Sunday, September 2, 2012

Evil Eye

Circa 200 BCE, Rome, Italy

Marius was a notorious boxer. Spectators gazed upon him as if he were a god, some admiring his height, some his girth, but all in agreement that the rippling beneath his skin—a product of a bulging musculature—was a fantastical sight to behold. Still, his record was not without blemish. When matches were fought with cestuses—ox-hide gloves loaded with iron knots and nails—strength mattered less than a methodical swing. On one calamitous day, as Marius was bringing his fist around to bear on his opponents cheek, his arm was met with the torrential blow of a cestus that snapped his humerus bone clear in half.

With a damaged arm hanging limp at his side, Marius was unable to console his pregnant wife, Tullia, with a warm embrace as she cried hysterically for his pain, and their loss of income. A physician set Marius’ bones back into their correct position with a bone lever, and all would have been well by the birth of their first child, except the bones were improperly set, leaving Marius’ arm mangled, darting sideways in a disgusting manner. That was the end of Marius’ boxing career, and the beginning of a life of anger, resentment, and envy.

The day his son was born was to be one of great jubilation, but instead, Tullia forbade Marius from looking upon his child. For it was said that Marius possessed an evil eye.

“The glance of your eye may have an injurious effect, and this we cannot risk!” she insisted, hiding her newborn in a throng of blankets. She feared her son’s physical perfection would stir jealousy within her husband. “You know well that his young being—yet of weak and tender constitution—can be easily harmed by an invidious glance.”

It was well known, in Rome and throughout the civilized world, that when a man looks at what is excellent with an envious eye, a malignant influence darts out from his pupils and infects the air. The infected air penetrates the victim, being drawn in through the nose and mouth, and pollutes his body, causing potent injury or death.

“But we have strung a dozen amulets around his neck!” Marius pleaded. “The head of Jupiter, an eye, crocodile, swan, serpent, thunderbolt, phallus, lion—each one possessing its own protective quality. These will shield him in case envy is stirred within the inner recesses of my being,” he petitioned, but Tullia would not allow him a single look at his son.

Driven temporarily mad by his predicament, Marius rushed into their bedroom and rummaged though his wife’s jewelry box until he held two beautiful brooches in either hand. Unclasping their pins, he thrust one in each eye, feeling neither pain nor regret as the pins pierced his pupils—only relief. Rendering himself blind, Marius grinned, knowing he would soon be able to hold his newborn son.

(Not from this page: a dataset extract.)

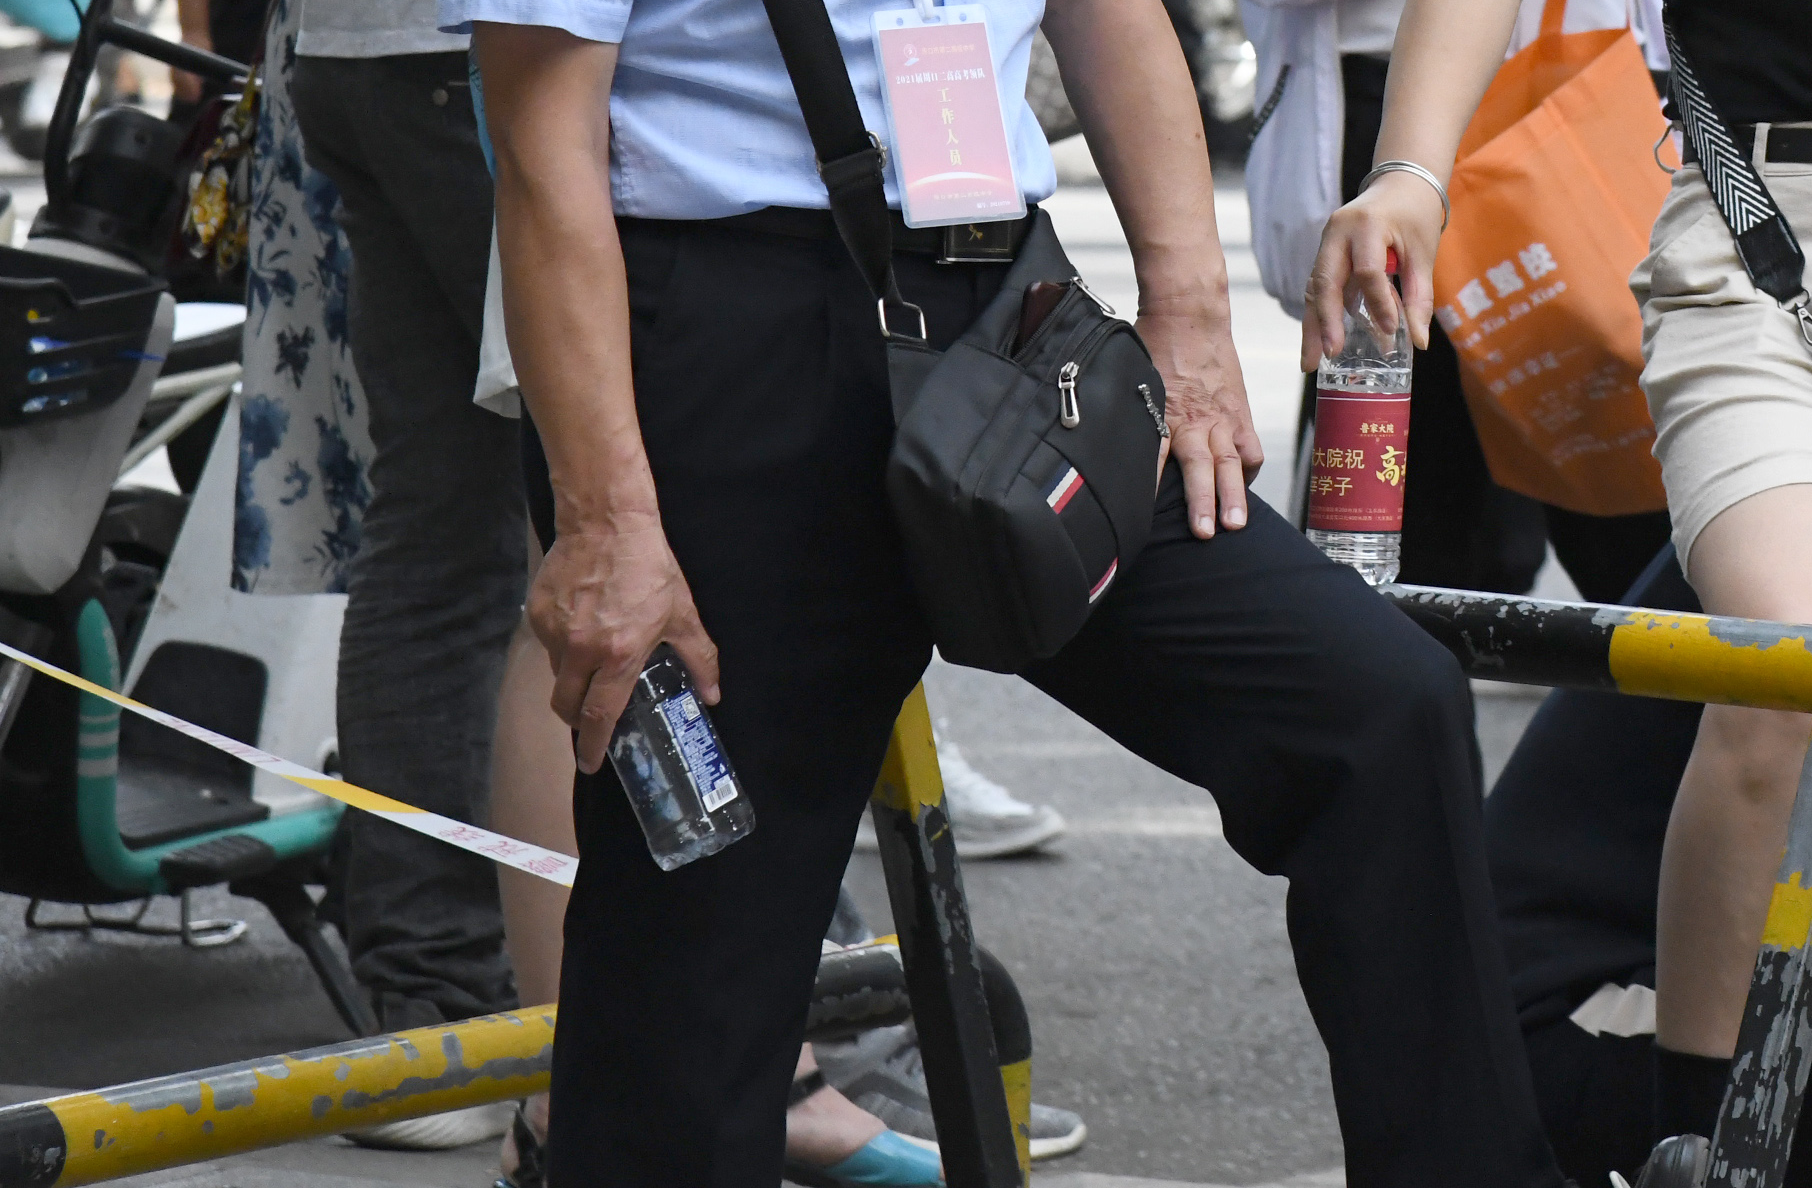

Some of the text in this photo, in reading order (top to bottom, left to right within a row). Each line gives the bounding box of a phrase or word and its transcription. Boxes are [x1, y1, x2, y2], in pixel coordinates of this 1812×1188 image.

[936, 87, 963, 166] 工作人员
[1359, 422, 1395, 434] 鲁家大院
[1311, 447, 1366, 470] 大院祝
[1375, 445, 1407, 492] 高

The Truth of the Matter: The earliest known reference to the evil eye occurs on Sumerian clay tablets dating to the third millennium BCE. The evil eye was feared by numerous cultures in antiquity, including the Assyrians, Jews, Egyptians, and Muslims. During the Hellenistic and Roman periods, belief in the evil eye was widespread, and was cited by such authors as Aristophanes, Plutarch, and Plato. Within this story, the characters are fictional, but the information related regarding the evil eye is factual.